Photograph credited to David Cotton

‘HALLOA! Below there!’ calls Charles Dickens’ narrator in The Signalman to the troubled title character who has heard ghostly apparitions on the train tracks call those words before. The Signalman is printed in The Line, a fictional newspaper and publication which is to be read in the space, which provides the textual element of an exhibition that The Henry Moore Institute writes ‘[uses] sculpture, sound and the printed page’. Katrina Palmer’s exhibition, The Necropolitan Line, at The Henry Moore Institute creates links between the dead, ghosts and trains, a familiar concept to anyone who has ever visited a fairground or read Agatha Christie. In this space Palmer does away (mostly) with the fictional and directly addresses the truth behind ghostly trains which worked in London to carry the dead.

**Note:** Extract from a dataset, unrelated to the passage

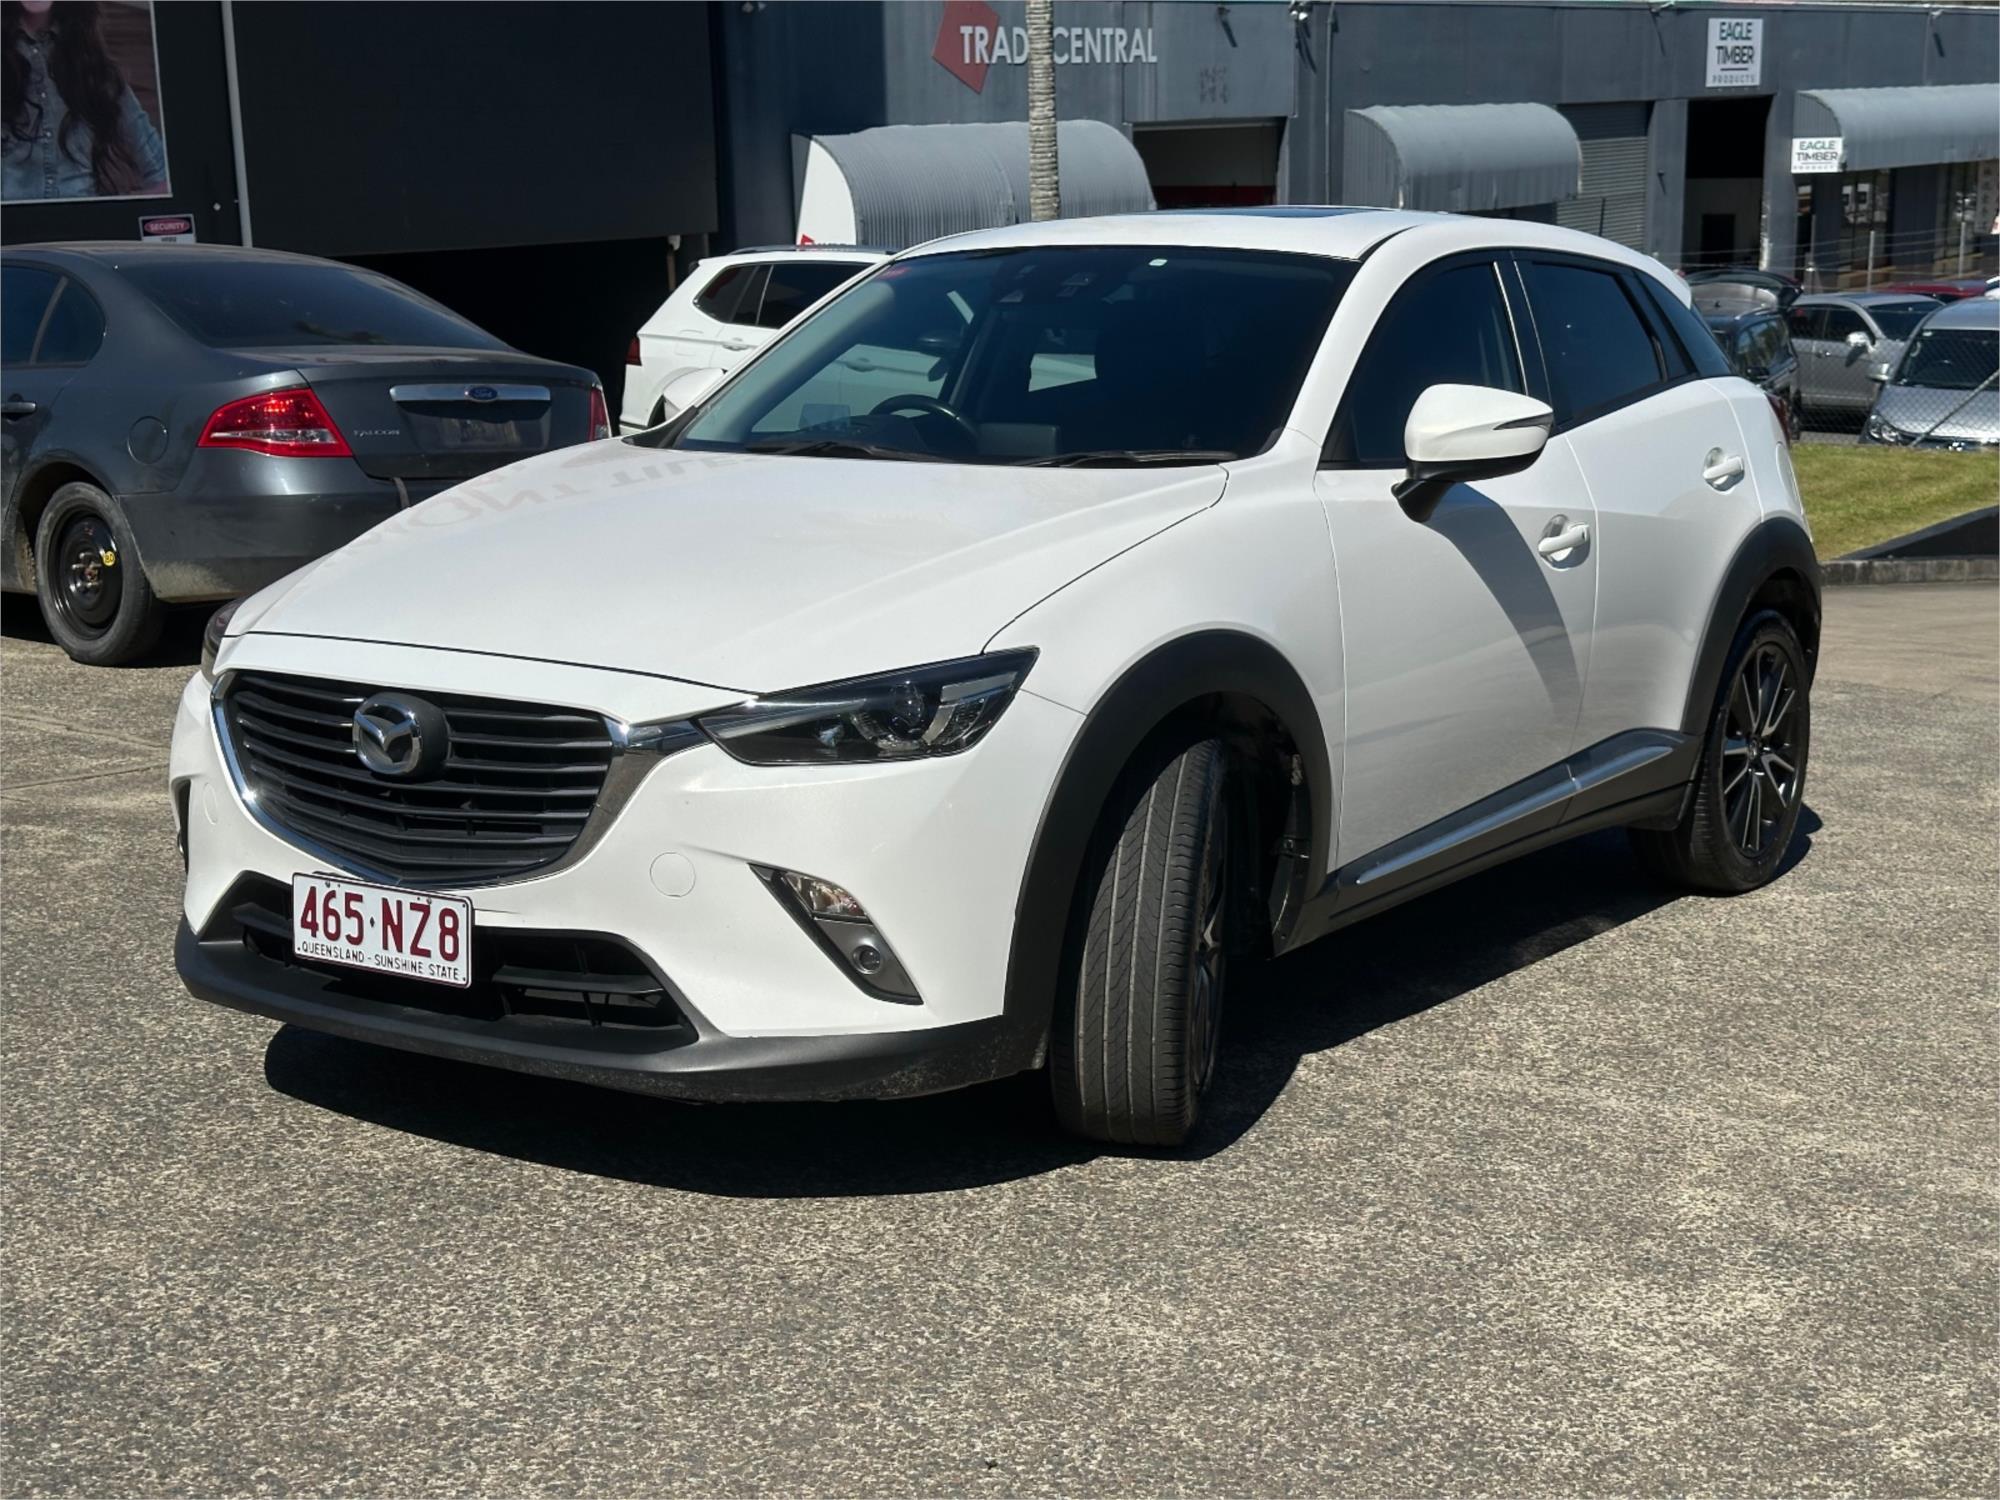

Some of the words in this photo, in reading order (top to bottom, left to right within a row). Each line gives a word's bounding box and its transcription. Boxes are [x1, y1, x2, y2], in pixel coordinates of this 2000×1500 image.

‘Utilitarian seating’, and a stark, white room confront visitors on first entry to a room which is dimly lit by two illuminated images of unknown train station signalling poles. This is the first of two ‘waiting rooms’ which are connected by a railway platform, cutting through the gallery space. This division between the two waiting rooms provides the disconnect that Palmer hopes to evoke between the living and the dead. The London Necropolis Railway, which began operating in 1850, provided a service between overpopulated and cholera-plagued London and Brookwood Cemetery (also known as the London Necropolis), a giant burial ground in Surrey built to accommodate the large number of dead which London’s graveyards could no longer house. The Line’s front page introduces readers to Cross Bones, an unconsecrated medieval cemetery situated in The Borough, London, where thousands of prostitutes, their children and paupers were buried.

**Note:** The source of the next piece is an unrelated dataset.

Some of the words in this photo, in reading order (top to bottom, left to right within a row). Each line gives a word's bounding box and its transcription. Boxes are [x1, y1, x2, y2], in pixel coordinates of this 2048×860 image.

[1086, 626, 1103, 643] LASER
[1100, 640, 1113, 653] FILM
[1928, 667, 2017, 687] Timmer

The space evokes the feeling of travelling between the overcrowded Cross Bones cemetery, which closed in 1853 for being ‘completely overcharged with dead’, and the new London Necropolis via the railway platform between the spaces, which represents the London Necropolis Railway. In the second waiting room there is, again, seating, another illuminated image and a stack of Palmer’s accompanying text, The Line. Echoing the space, the newspaper also takes the reader through a journey, this time a narrative one, which begins with Cross Bones and ends with the Necropolis through a montage of fictional and factual articles and stories relating to human experiences. Then, there is the use of sound, which works as Palmer’s own voice taking the role of a platform announcer, echoing through the two waiting rooms and platform, reciting sentences from articles in The Line, and declaring such dry anecdotes as ‘we’re sorry for being sorry’. It is this which attaches the voice to a small article in The Line, which is darkly, yet faintly humorously, titled ‘Platform Announcer Exposed as Disembodied Automation’.

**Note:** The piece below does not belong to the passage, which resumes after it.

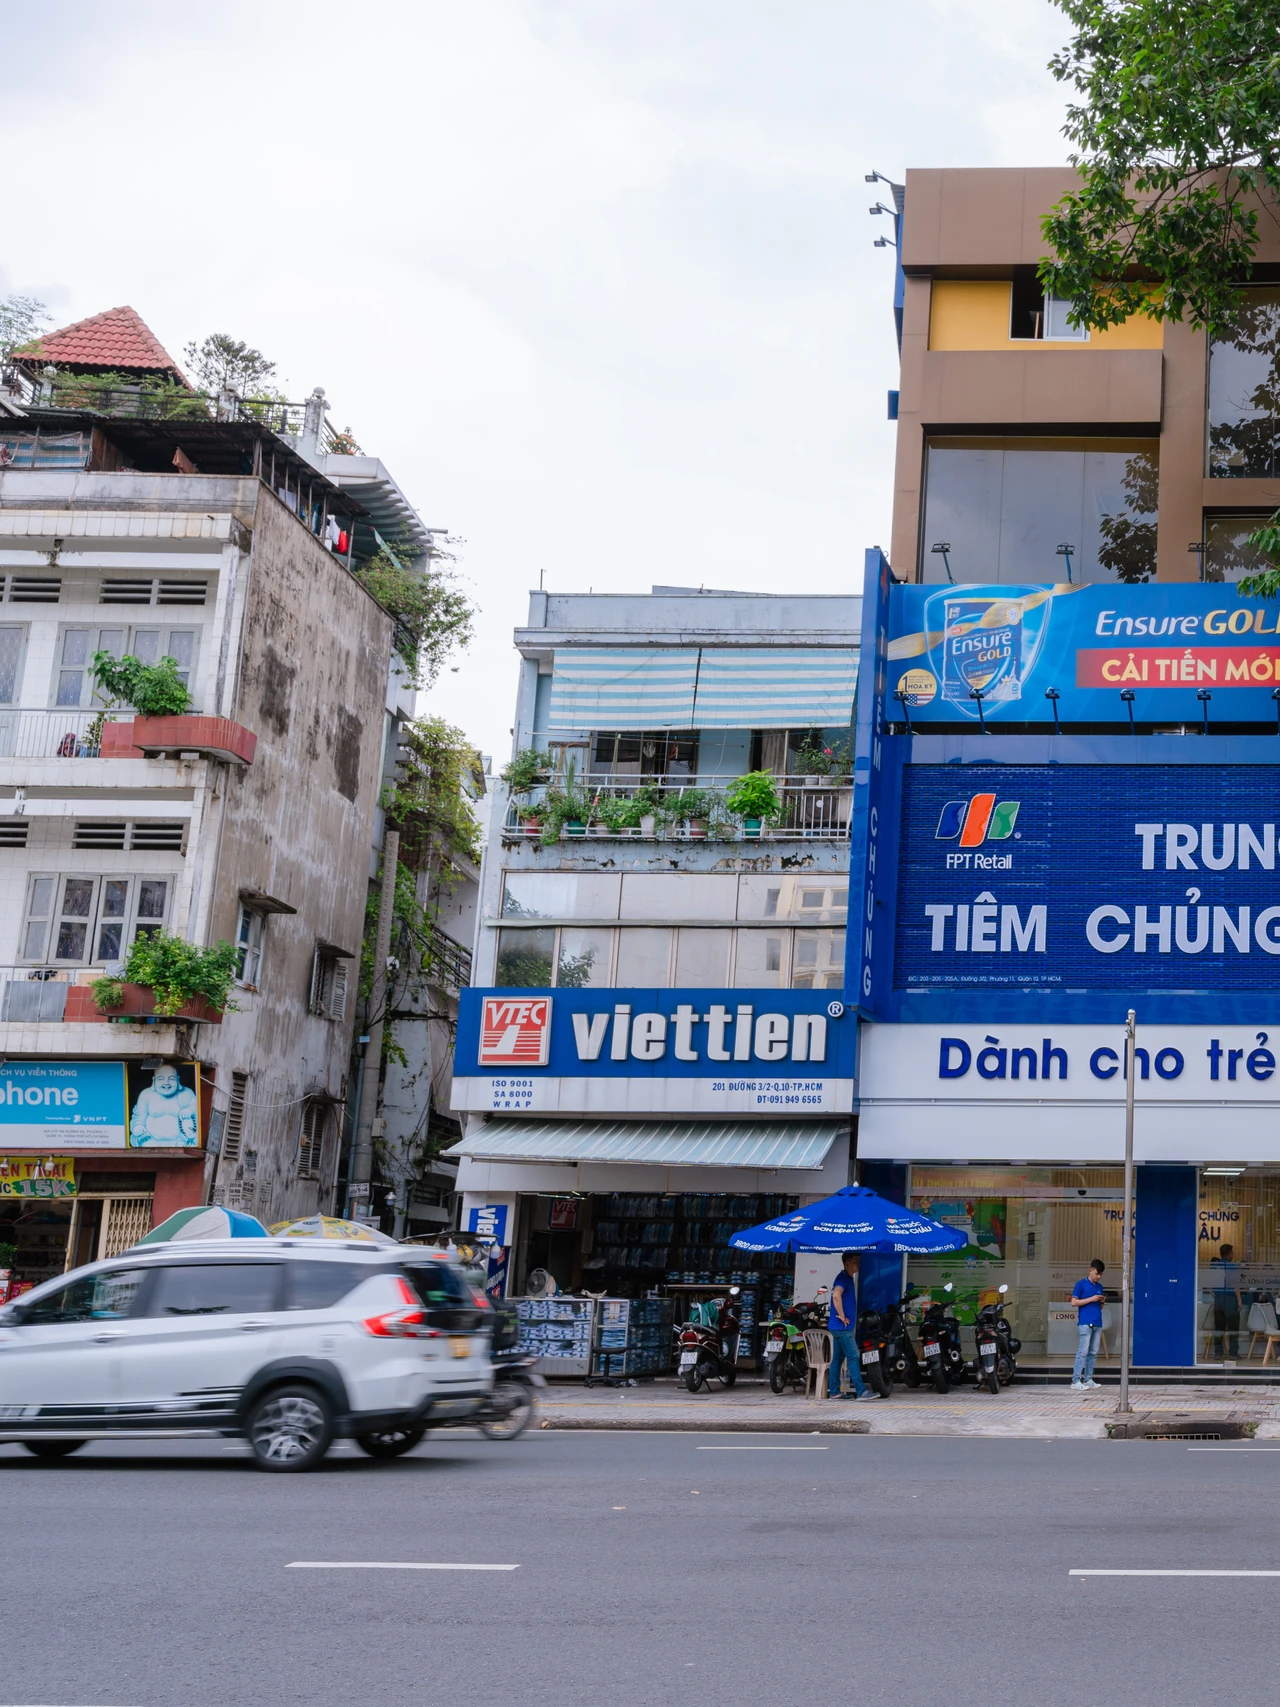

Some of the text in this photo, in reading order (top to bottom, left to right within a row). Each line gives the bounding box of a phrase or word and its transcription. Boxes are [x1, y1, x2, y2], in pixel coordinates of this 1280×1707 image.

The effect of reading Palmer’s intelligent articles, whilst sitting upon a dimly lit platform, waiting for a train that will never come and hearing her recite disconnected passages from Dickens’ The Signalman is a fascinating experience. It’s an experience that attracted both a group of seniors, and a huddle of college kids to The Henry Moore Institute on the rainy Tuesday morning that I visited to sit in quiet contemplation on a fake railway platform in the middle of a gallery. It’s this coming together of people that allows The Necropolitan Line, as The Henry Moore Institute’s pamphlet states, to perfectly ‘address the enduring sculptural concerns of memorial, objects, material and human encounters’, themes which are so important to us all.